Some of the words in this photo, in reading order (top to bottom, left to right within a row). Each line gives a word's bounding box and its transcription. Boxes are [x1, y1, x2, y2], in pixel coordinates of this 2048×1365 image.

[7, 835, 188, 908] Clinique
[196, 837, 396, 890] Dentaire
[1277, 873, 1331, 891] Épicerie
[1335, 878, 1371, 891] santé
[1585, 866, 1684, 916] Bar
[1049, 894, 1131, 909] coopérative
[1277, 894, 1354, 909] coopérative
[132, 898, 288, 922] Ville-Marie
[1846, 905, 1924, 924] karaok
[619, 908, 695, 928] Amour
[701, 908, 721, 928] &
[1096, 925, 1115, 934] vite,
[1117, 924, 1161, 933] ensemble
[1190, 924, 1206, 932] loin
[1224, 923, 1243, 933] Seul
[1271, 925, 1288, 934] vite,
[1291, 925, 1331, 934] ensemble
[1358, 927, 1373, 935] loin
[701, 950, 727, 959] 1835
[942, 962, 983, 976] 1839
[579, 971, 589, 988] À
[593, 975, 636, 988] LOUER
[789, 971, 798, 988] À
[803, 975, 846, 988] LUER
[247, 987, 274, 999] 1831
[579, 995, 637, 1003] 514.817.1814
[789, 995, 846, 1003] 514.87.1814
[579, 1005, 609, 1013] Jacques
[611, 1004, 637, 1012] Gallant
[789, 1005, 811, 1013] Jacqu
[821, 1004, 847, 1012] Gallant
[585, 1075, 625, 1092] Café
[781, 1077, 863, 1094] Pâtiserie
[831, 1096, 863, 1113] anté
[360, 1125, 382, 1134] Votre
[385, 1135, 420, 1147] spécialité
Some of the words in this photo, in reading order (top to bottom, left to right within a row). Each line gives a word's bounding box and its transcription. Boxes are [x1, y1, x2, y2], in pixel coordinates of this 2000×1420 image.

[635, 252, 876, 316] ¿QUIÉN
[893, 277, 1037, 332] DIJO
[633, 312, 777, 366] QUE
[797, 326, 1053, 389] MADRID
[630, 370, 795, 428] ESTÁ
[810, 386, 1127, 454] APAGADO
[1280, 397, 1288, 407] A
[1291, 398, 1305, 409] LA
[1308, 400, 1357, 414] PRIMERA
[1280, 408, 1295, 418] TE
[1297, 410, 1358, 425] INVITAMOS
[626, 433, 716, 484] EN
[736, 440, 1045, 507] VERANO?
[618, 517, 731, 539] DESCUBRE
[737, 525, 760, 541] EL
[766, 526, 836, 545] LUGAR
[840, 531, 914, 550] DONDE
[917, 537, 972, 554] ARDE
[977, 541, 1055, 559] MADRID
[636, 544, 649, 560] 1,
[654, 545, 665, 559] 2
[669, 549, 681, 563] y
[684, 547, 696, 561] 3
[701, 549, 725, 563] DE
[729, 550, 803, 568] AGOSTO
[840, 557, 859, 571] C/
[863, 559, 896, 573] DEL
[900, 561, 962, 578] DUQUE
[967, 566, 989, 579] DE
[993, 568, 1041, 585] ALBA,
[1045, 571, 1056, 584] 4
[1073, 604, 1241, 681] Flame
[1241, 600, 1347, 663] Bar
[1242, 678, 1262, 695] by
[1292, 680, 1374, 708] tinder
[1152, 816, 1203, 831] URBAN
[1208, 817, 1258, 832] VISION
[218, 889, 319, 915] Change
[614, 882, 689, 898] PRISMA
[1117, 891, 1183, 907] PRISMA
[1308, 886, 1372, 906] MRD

WORK ITEM:
Copy every line of the records word for word.

RESULT:
Some of the words in this photo, in reading order (top to bottom, left to right within a row). Each line gives a word's bounding box and its transcription. Boxes are [x1, y1, x2, y2], in pixel coordinates of this 2048×1365 image.

[7, 835, 188, 908] Clinique
[196, 837, 396, 890] Dentaire
[1277, 873, 1331, 891] Épicerie
[1335, 878, 1371, 891] santé
[1585, 866, 1684, 916] Bar
[1049, 894, 1131, 909] coopérative
[1277, 894, 1354, 909] coopérative
[132, 898, 288, 922] Ville-Marie
[1846, 905, 1924, 924] karaok
[619, 908, 695, 928] Amour
[701, 908, 721, 928] &
[1096, 925, 1115, 934] vite,
[1117, 924, 1161, 933] ensemble
[1190, 924, 1206, 932] loin
[1224, 923, 1243, 933] Seul
[1271, 925, 1288, 934] vite,
[1291, 925, 1331, 934] ensemble
[1358, 927, 1373, 935] loin
[701, 950, 727, 959] 1835
[942, 962, 983, 976] 1839
[579, 971, 589, 988] À
[593, 975, 636, 988] LOUER
[789, 971, 798, 988] À
[803, 975, 846, 988] LUER
[247, 987, 274, 999] 1831
[579, 995, 637, 1003] 514.817.1814
[789, 995, 846, 1003] 514.87.1814
[579, 1005, 609, 1013] Jacques
[611, 1004, 637, 1012] Gallant
[789, 1005, 811, 1013] Jacqu
[821, 1004, 847, 1012] Gallant
[585, 1075, 625, 1092] Café
[781, 1077, 863, 1094] Pâtiserie
[831, 1096, 863, 1113] anté
[360, 1125, 382, 1134] Votre
[385, 1135, 420, 1147] spécialité
Some of the words in this photo, in reading order (top to bottom, left to right within a row). Each line gives a word's bounding box and its transcription. Boxes are [x1, y1, x2, y2], in pixel coordinates of this 2000×1420 image.

[635, 252, 876, 316] ¿QUIÉN
[893, 277, 1037, 332] DIJO
[633, 312, 777, 366] QUE
[797, 326, 1053, 389] MADRID
[630, 370, 795, 428] ESTÁ
[810, 386, 1127, 454] APAGADO
[1280, 397, 1288, 407] A
[1291, 398, 1305, 409] LA
[1308, 400, 1357, 414] PRIMERA
[1280, 408, 1295, 418] TE
[1297, 410, 1358, 425] INVITAMOS
[626, 433, 716, 484] EN
[736, 440, 1045, 507] VERANO?
[618, 517, 731, 539] DESCUBRE
[737, 525, 760, 541] EL
[766, 526, 836, 545] LUGAR
[840, 531, 914, 550] DONDE
[917, 537, 972, 554] ARDE
[977, 541, 1055, 559] MADRID
[636, 544, 649, 560] 1,
[654, 545, 665, 559] 2
[669, 549, 681, 563] y
[684, 547, 696, 561] 3
[701, 549, 725, 563] DE
[729, 550, 803, 568] AGOSTO
[840, 557, 859, 571] C/
[863, 559, 896, 573] DEL
[900, 561, 962, 578] DUQUE
[967, 566, 989, 579] DE
[993, 568, 1041, 585] ALBA,
[1045, 571, 1056, 584] 4
[1073, 604, 1241, 681] Flame
[1241, 600, 1347, 663] Bar
[1242, 678, 1262, 695] by
[1292, 680, 1374, 708] tinder
[1152, 816, 1203, 831] URBAN
[1208, 817, 1258, 832] VISION
[218, 889, 319, 915] Change
[614, 882, 689, 898] PRISMA
[1117, 891, 1183, 907] PRISMA
[1308, 886, 1372, 906] MRD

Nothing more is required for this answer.